# Florida Uber driver arrested for pulling gun on rider



## CommanderXL (Jun 17, 2015)

Florida Uber driver arrested for pulling gun on rider
http://www.abcactionnews.com/news/l...river-arrested-after-pulling-gun-on-passenger


----------



## Disgusted Driver (Jan 9, 2015)

Fine looking mugshot! 

IF true, doesn't really surprise me. As rates remain low, expect more and more tension between driver and pax, drivers are getting stressed out to the point where they are more likely to snap. I find myself rating pax 1-2 stars with reckless abandon, much less likely to be accommodating. Don't really care about ratings anymore and have no problem telling pax how I can't stand Uber and fares are too cheap. Nothing like being a brand ambassador for a crappy company.


----------



## backstreets-trans (Aug 16, 2015)

Disgusted Driver said:


> Fine looking mugshot!
> 
> IF true, doesn't really surprise me. As rates remain low, expect more and more tension between driver and pax, drivers are getting stressed out to the point where they are more likely to snap. I find myself rating pax 1-2 stars with reckless abandon, much less likely to be accommodating. Don't really care about ratings anymore and have no problem telling pax how I can't stand Uber and fares are too cheap. Nothing like being a brand ambassador for a crappy company.

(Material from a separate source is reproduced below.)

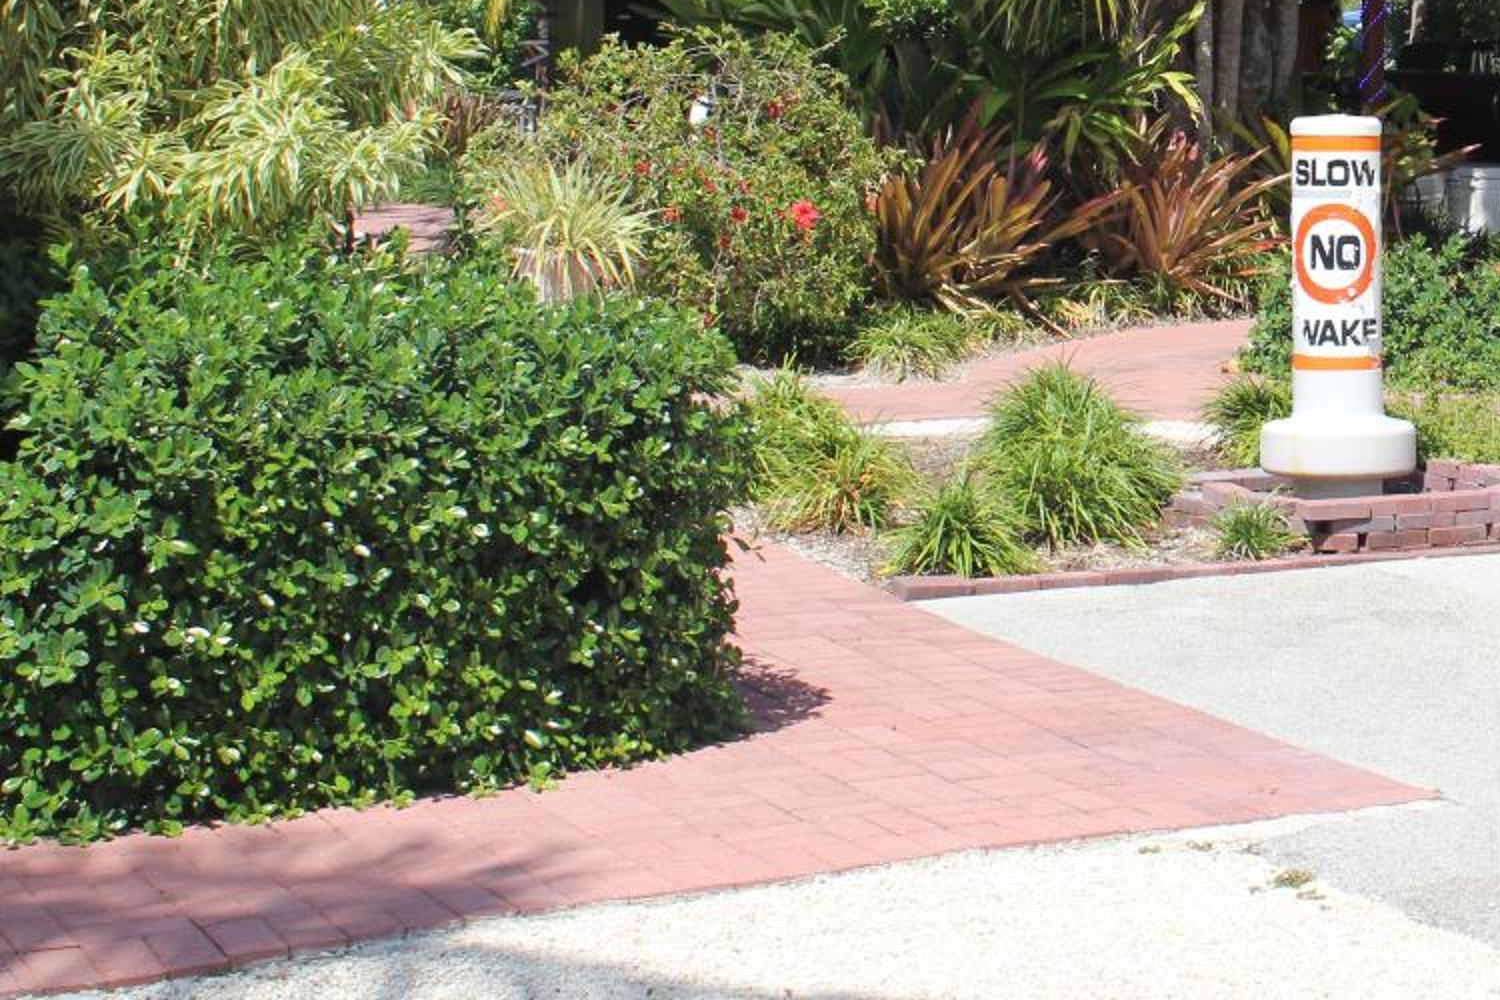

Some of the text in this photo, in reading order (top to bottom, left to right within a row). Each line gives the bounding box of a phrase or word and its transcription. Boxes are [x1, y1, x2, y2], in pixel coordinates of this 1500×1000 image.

I think disgruntled drivers are going out of their way to provide crappy service. The old saying you get what you pay for is making an uber comeback. When I get a real job I might just drive uber to piss off customers. The old pull forward a bit when they reach for the door was always fun when I was a kid. Do that 3 times then leave them on the curb.

Or I could buy some fake vomit and a fart machine. CreAte my own hidden camera uber prank show before I get deactivated.


----------



## Bart McCoy (Nov 4, 2014)

weird story. driver pulls a gun because of a comment about the price of his vehicle?


----------



## grams777 (Jun 13, 2014)

Sounds like some details might be left out


----------



## grams777 (Jun 13, 2014)

In the video it quotes the driver as saying his car was worth $75,000. When one of the three pax was feeling sick (I assume about to puke), he pulled over and told them to get out. I assume the pax wouldn't get out which got this guy tweaked.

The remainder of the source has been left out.